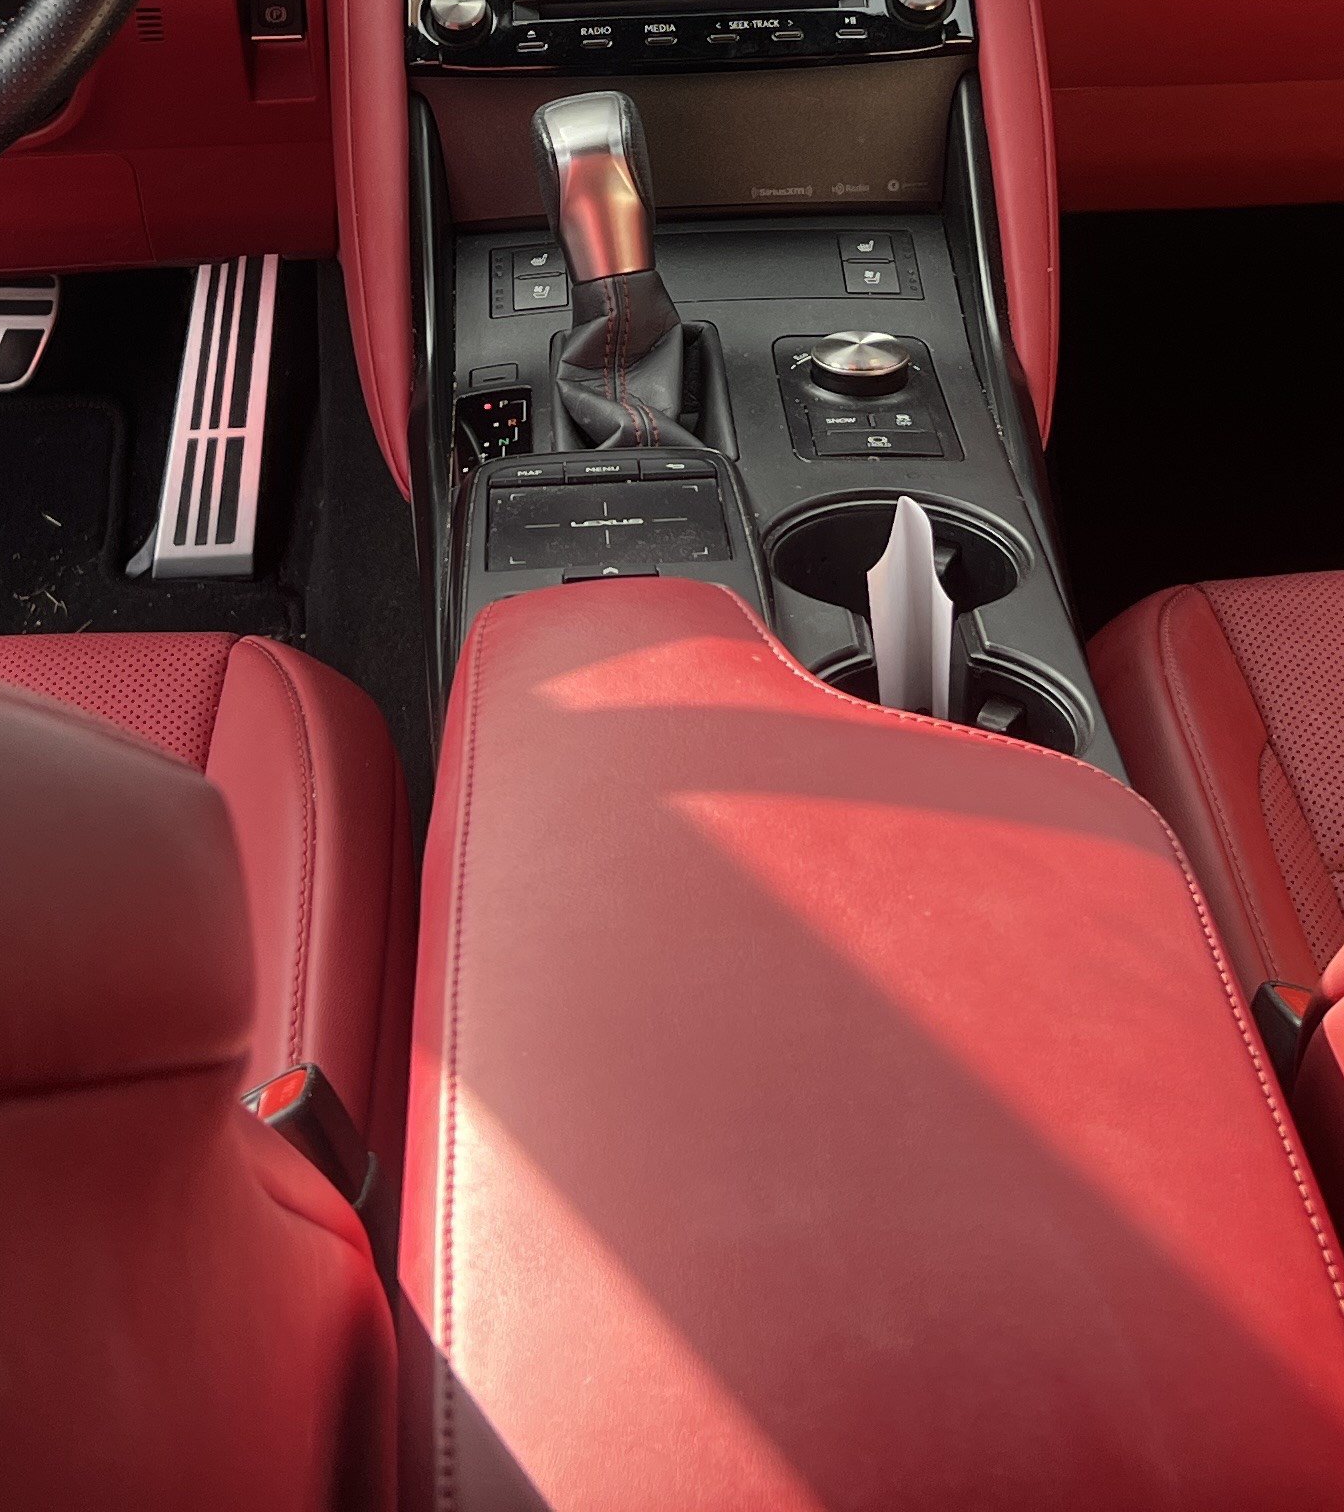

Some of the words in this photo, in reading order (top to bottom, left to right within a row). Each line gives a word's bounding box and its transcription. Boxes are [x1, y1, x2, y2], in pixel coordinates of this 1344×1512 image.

[580, 26, 612, 37] RADIO
[644, 23, 676, 34] MEDIA
[825, 416, 857, 425] SNOW
[517, 469, 543, 477] MAP
[584, 465, 620, 473] MENU
[570, 517, 644, 528] LEXUS
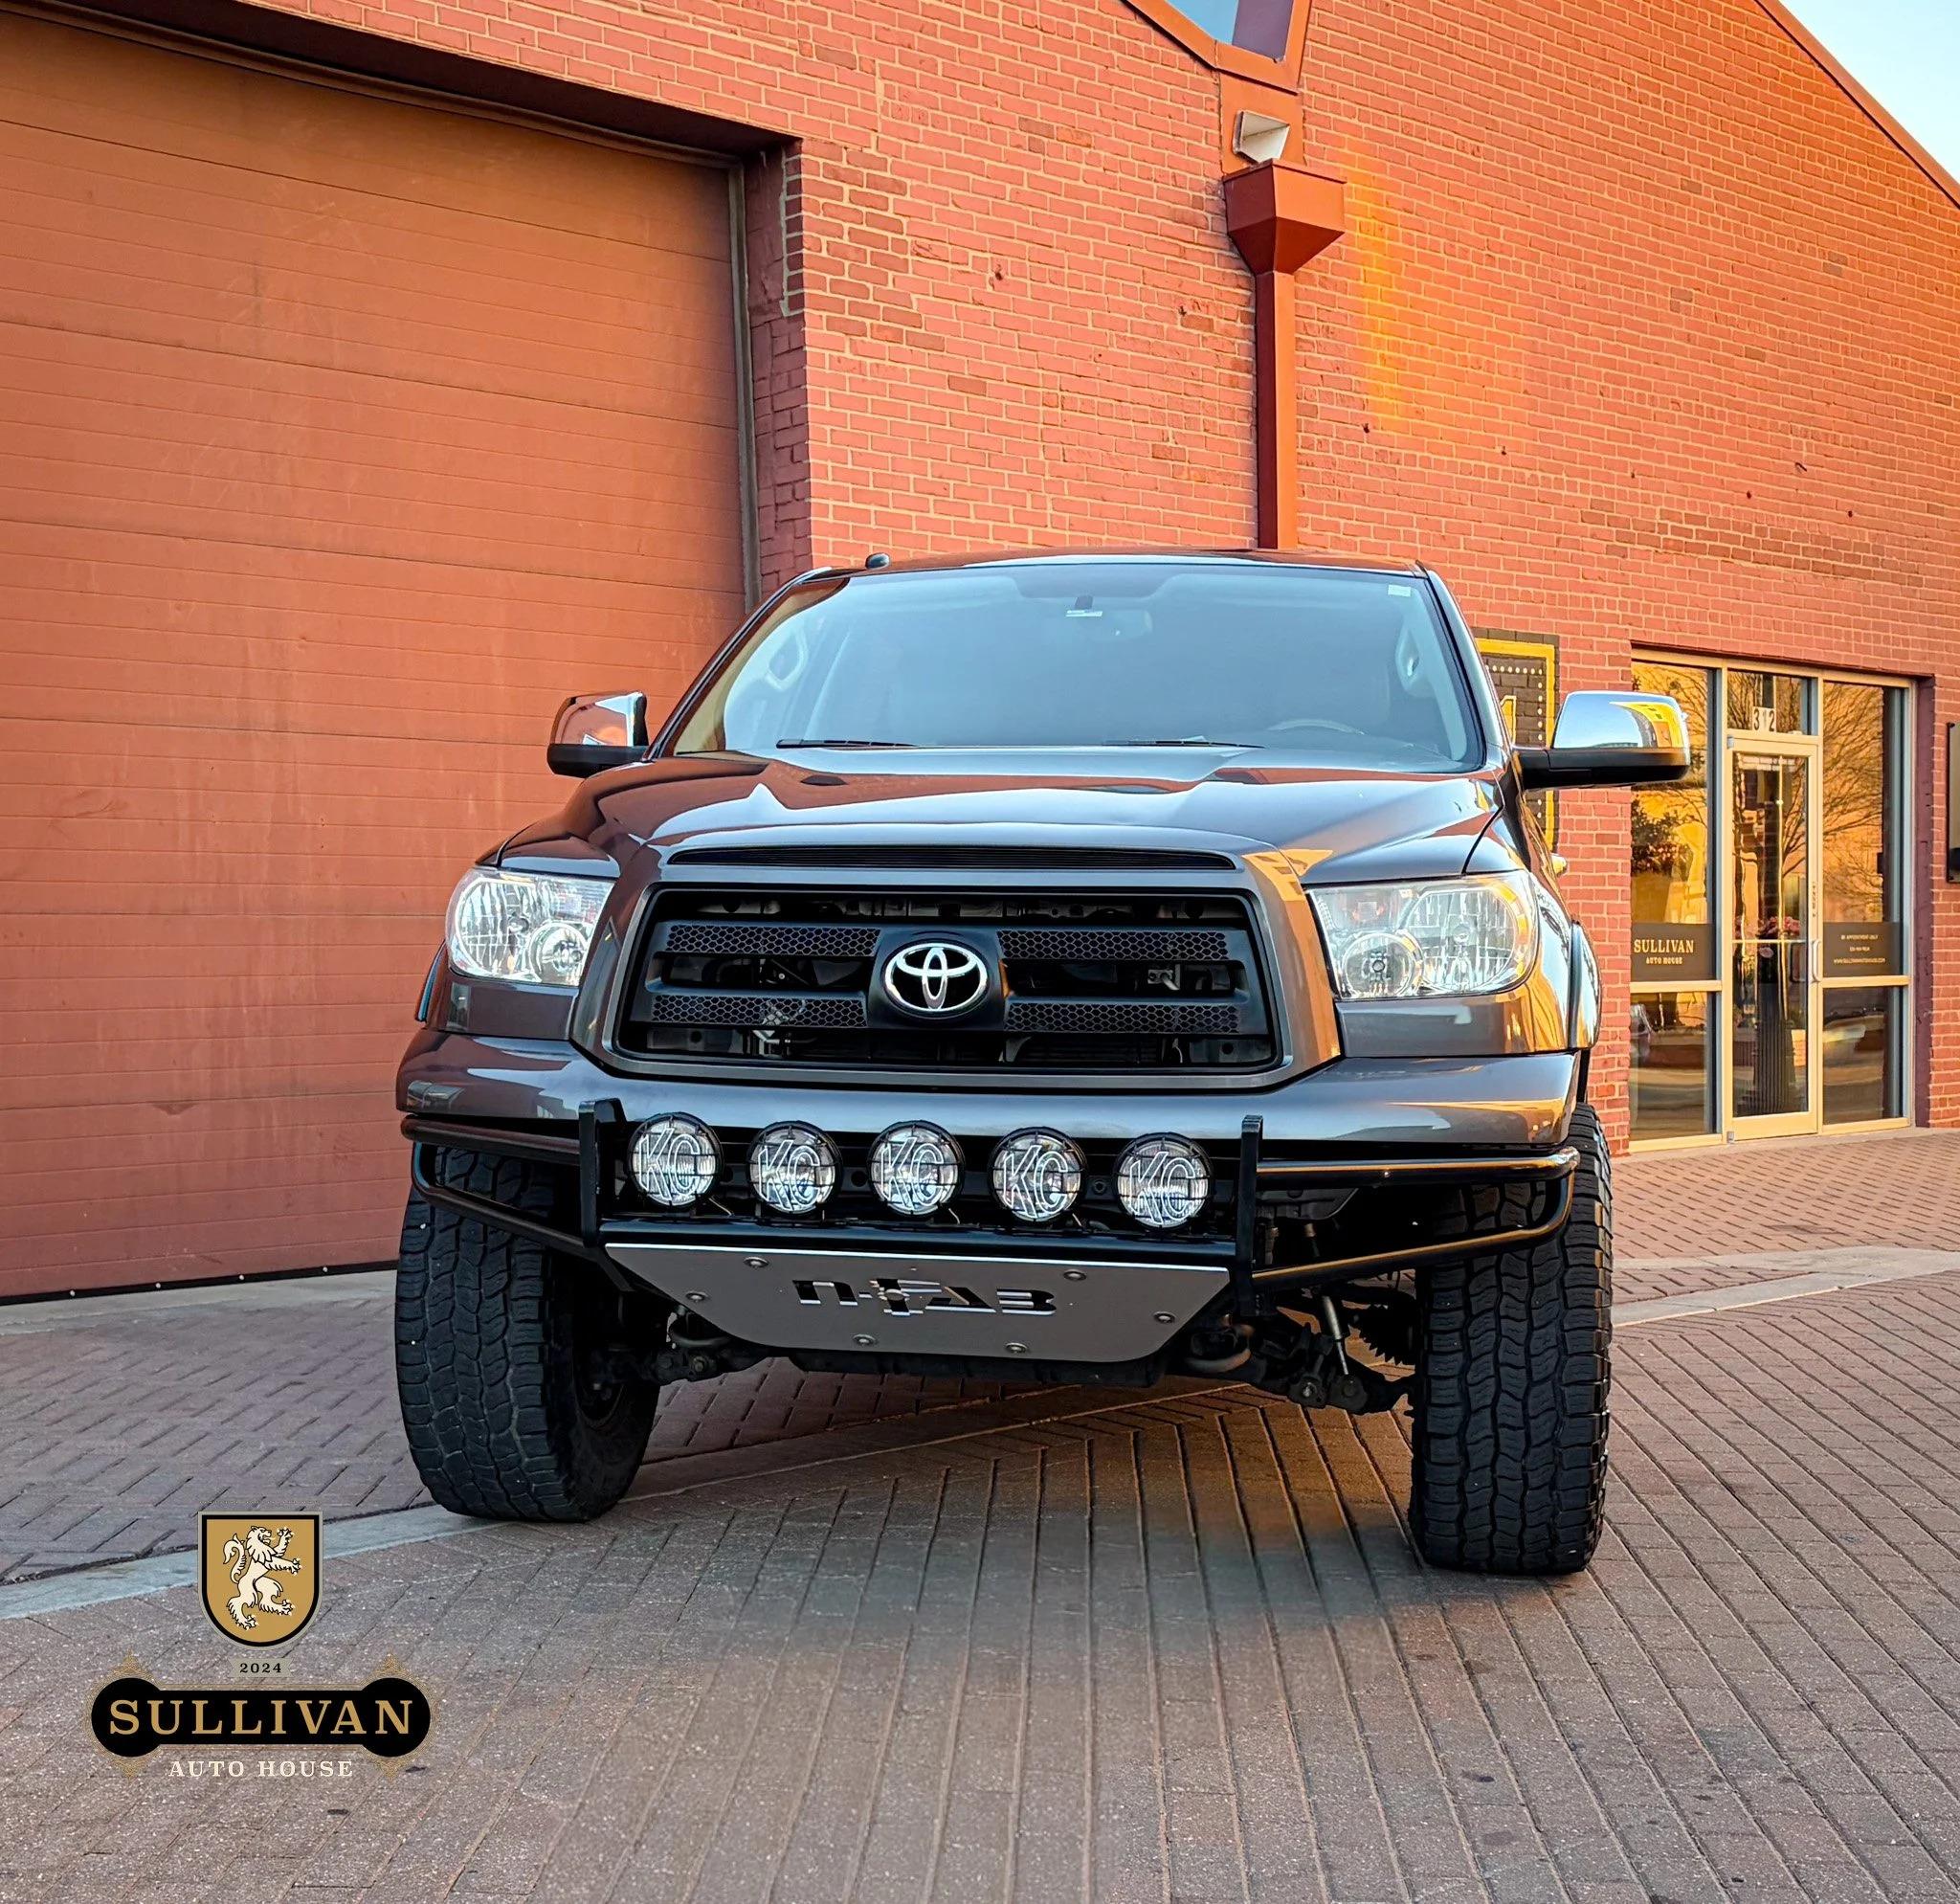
------------------------------------------------
▶ [What the task requires] Give every record again exactly, apart from the pictures, which stay out.

▶ [Answer below]
Some of the words in this photo, in reading order (top to bottom, left to right within a row). Each line gives a word's bounding box and its transcription. Boxes are [x1, y1, x2, y2], in pixel coordinates of this 1344×1512 image.

[580, 26, 612, 37] RADIO
[644, 23, 676, 34] MEDIA
[825, 416, 857, 425] SNOW
[517, 469, 543, 477] MAP
[584, 465, 620, 473] MENU
[570, 517, 644, 528] LEXUS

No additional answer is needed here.